◆ Aim of the exercise
Take the listing below and write it out again exactly, skipping any picture that it holds.

◆ Provided records
= Beginning of Section =
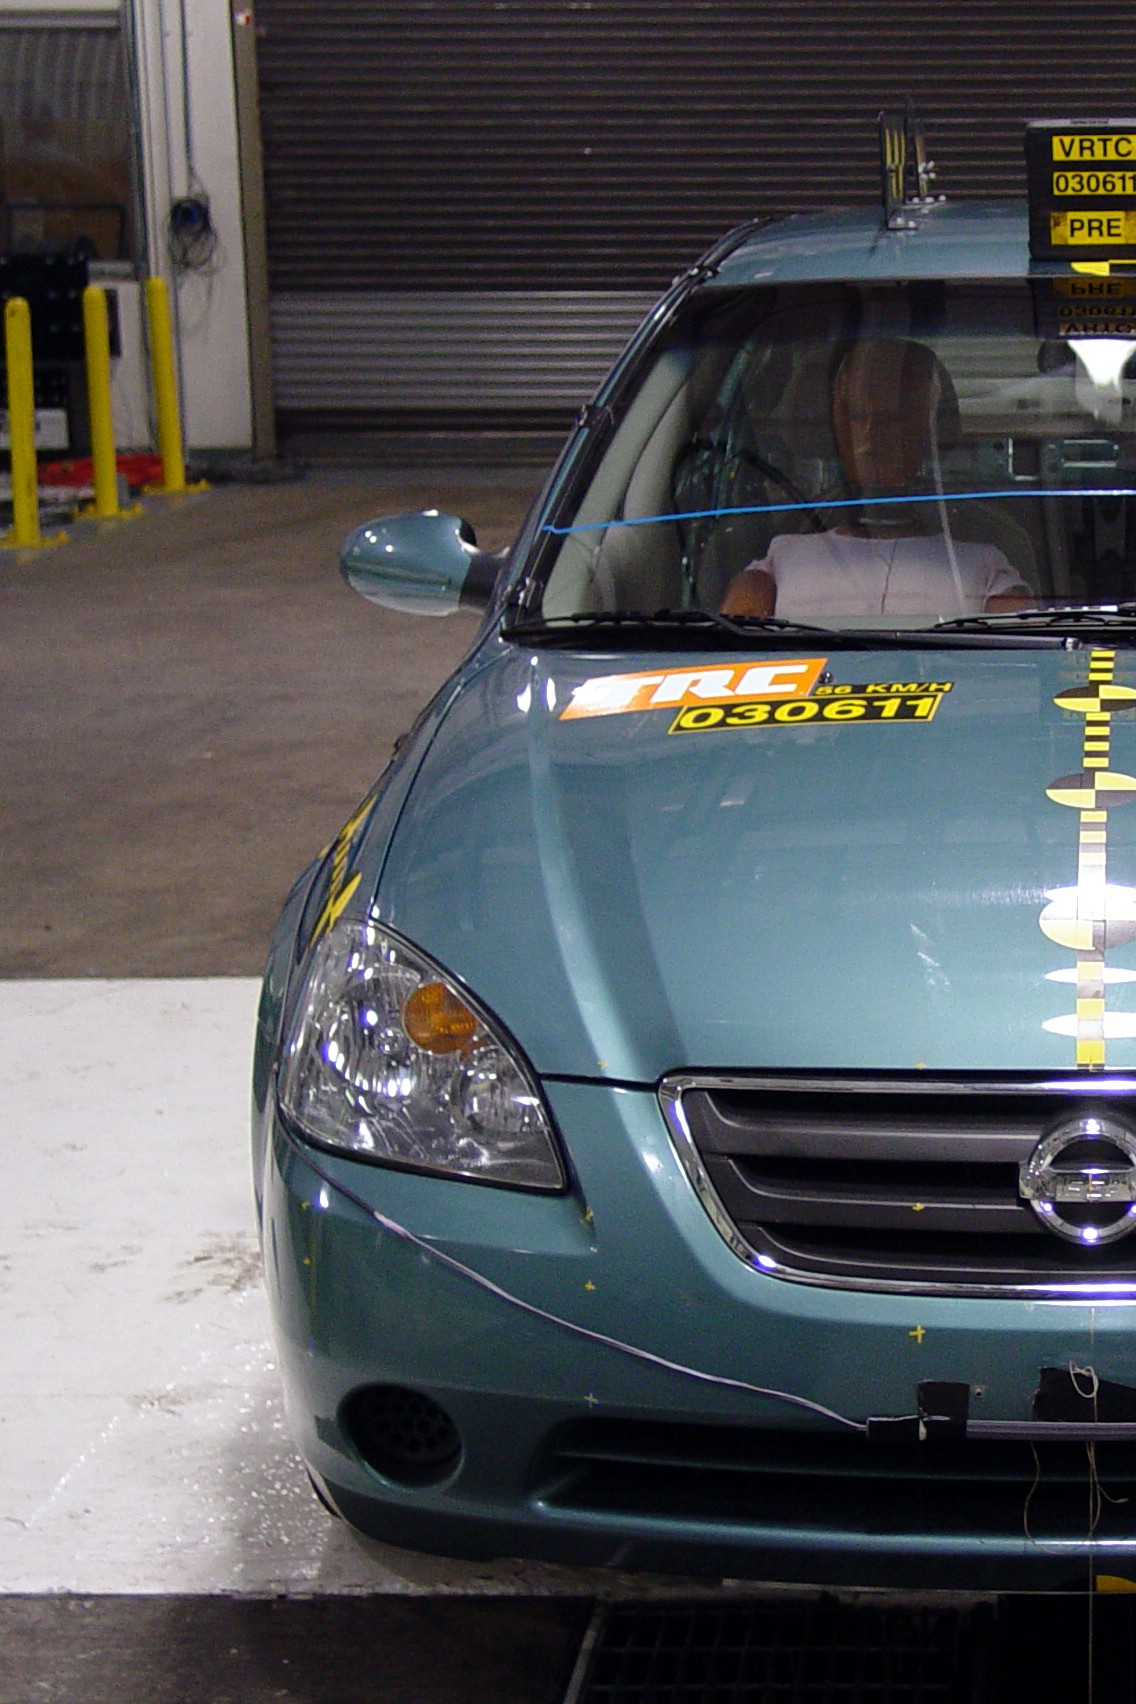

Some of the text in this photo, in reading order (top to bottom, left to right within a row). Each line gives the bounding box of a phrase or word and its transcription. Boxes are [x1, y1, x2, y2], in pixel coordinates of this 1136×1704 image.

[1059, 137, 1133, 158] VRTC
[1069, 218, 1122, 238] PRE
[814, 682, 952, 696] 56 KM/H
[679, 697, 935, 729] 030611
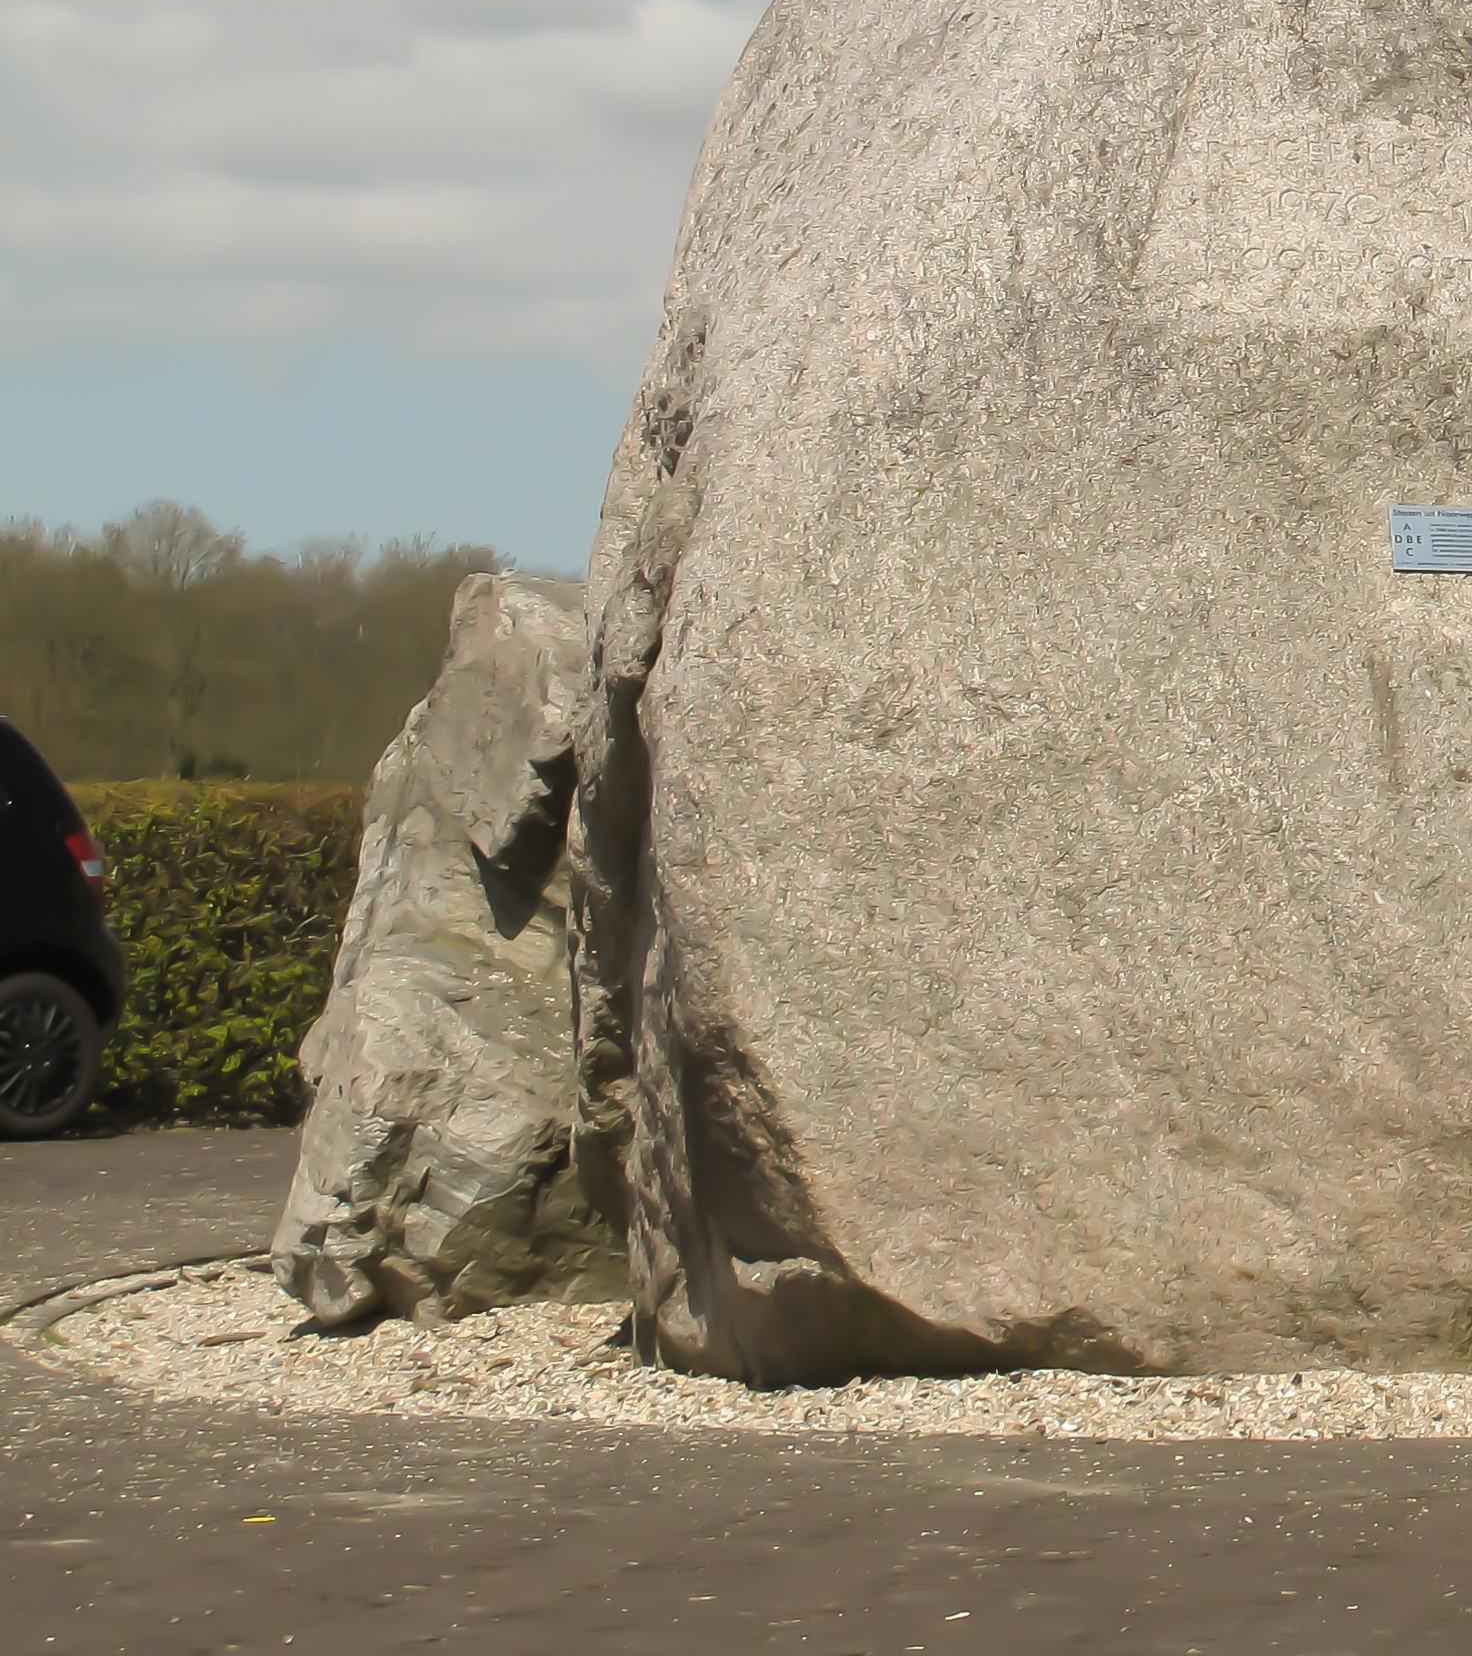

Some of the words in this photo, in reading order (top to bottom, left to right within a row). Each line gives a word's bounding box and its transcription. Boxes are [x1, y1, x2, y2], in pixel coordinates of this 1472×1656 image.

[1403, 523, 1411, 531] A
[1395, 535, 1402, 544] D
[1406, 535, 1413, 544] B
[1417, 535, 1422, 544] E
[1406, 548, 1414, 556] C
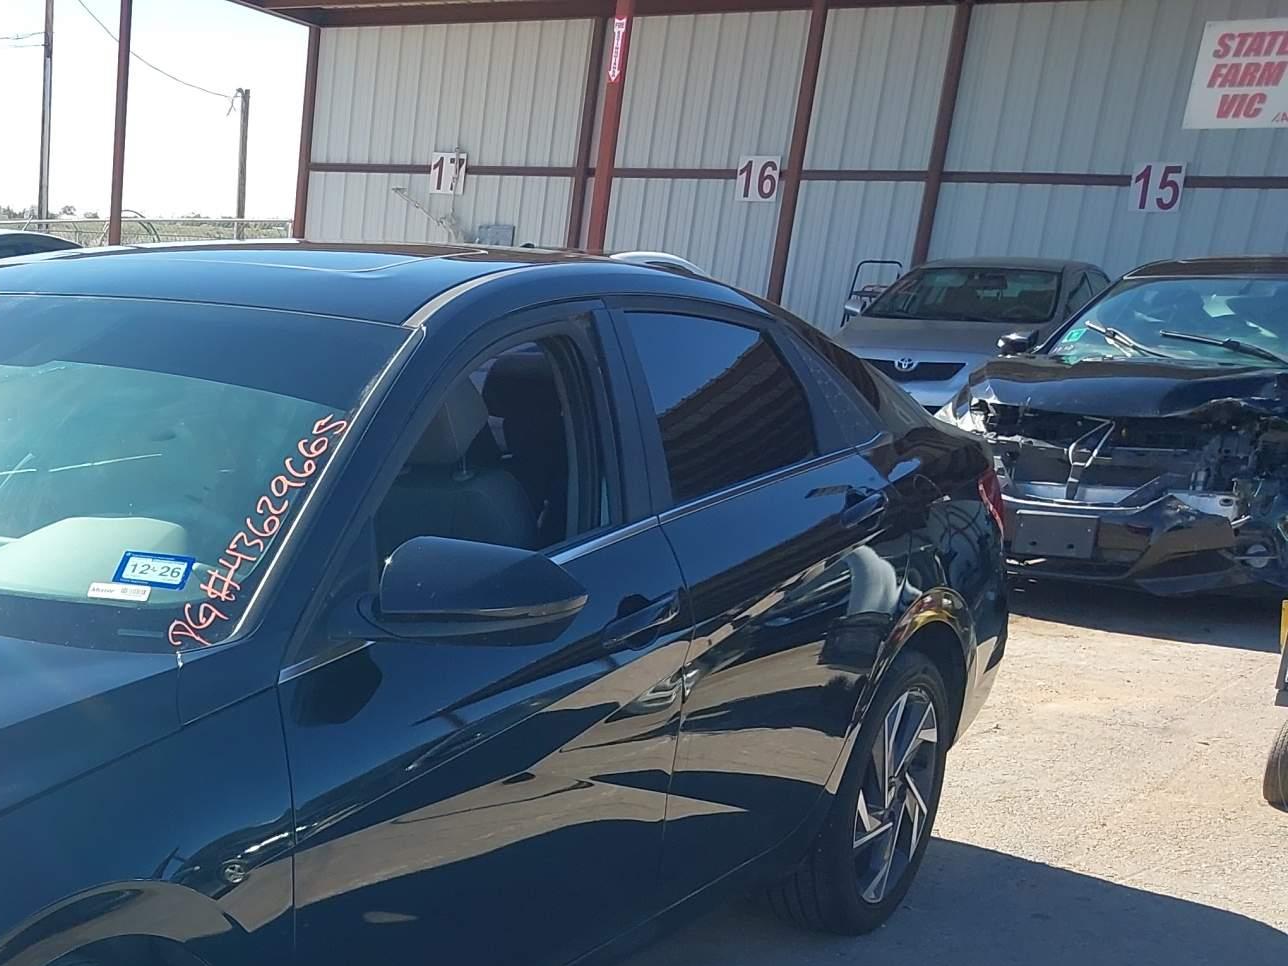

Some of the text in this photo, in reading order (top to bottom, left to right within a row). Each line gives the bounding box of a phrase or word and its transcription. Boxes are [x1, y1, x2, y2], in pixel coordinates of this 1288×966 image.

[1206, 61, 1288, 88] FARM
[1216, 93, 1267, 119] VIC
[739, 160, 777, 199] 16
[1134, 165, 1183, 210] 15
= End of Section =
◆ Solved exercise
Some of the text in this photo, in reading order (top to bottom, left to right within a row). Each line gives the bounding box of a phrase or word and its transcription. Boxes are [x1, y1, x2, y2], in pixel coordinates of this 1136×1704 image.

[1059, 137, 1133, 158] VRTC
[1069, 218, 1122, 238] PRE
[814, 682, 952, 696] 56 KM/H
[679, 697, 935, 729] 030611

Some of the words in this photo, in reading order (top to bottom, left to right within a row). Each line gives a word's bounding box and its transcription. Boxes are [x1, y1, x2, y2], in pixel coordinates of this 1472×1656 image.

[1403, 523, 1411, 531] A
[1395, 535, 1402, 544] D
[1406, 535, 1413, 544] B
[1417, 535, 1422, 544] E
[1406, 548, 1414, 556] C

Some of the text in this photo, in reading order (top to bottom, left to right within a row). Each line gives the bounding box of a phrase or word and its transcription. Boxes are [x1, y1, x2, y2], in pixel coordinates of this 1288×966 image.

[1206, 61, 1288, 88] FARM
[1216, 93, 1267, 119] VIC
[739, 160, 777, 199] 16
[1134, 165, 1183, 210] 15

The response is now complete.